*** Opening ENTRIES SUPPLIED ***

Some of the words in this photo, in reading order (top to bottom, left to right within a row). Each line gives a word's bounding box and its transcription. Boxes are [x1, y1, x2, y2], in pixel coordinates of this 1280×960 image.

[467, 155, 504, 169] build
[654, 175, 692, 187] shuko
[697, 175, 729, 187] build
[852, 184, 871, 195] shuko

*** Closing ENTRIES SUPPLIED ***

*GOAL OF THE EXERCISE:*
What this task asks for is an exact copy of the material above.

*TASK RESPONSE:*
Some of the words in this photo, in reading order (top to bottom, left to right within a row). Each line gives a word's bounding box and its transcription. Boxes are [x1, y1, x2, y2], in pixel coordinates of this 1280×960 image.

[467, 155, 504, 169] build
[654, 175, 692, 187] shuko
[697, 175, 729, 187] build
[852, 184, 871, 195] shuko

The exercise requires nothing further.